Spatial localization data
◆ ◆ ◆ ◆ ◆ ◆ ◆

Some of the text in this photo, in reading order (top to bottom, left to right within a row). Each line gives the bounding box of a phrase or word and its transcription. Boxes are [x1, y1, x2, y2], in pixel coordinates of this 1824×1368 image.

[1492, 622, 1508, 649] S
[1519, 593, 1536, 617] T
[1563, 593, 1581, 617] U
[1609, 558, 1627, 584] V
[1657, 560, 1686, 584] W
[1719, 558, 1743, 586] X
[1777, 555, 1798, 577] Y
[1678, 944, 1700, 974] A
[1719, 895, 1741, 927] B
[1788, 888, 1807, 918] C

◆ ◆ ◆ ◆ ◆ ◆ ◆

▶ Exercise: Print the data above exactly as it reads.

▶ Output below:
Some of the text in this photo, in reading order (top to bottom, left to right within a row). Each line gives the bounding box of a phrase or word and its transcription. Boxes are [x1, y1, x2, y2], in pixel coordinates of this 1824×1368 image.

[1492, 622, 1508, 649] S
[1519, 593, 1536, 617] T
[1563, 593, 1581, 617] U
[1609, 558, 1627, 584] V
[1657, 560, 1686, 584] W
[1719, 558, 1743, 586] X
[1777, 555, 1798, 577] Y
[1678, 944, 1700, 974] A
[1719, 895, 1741, 927] B
[1788, 888, 1807, 918] C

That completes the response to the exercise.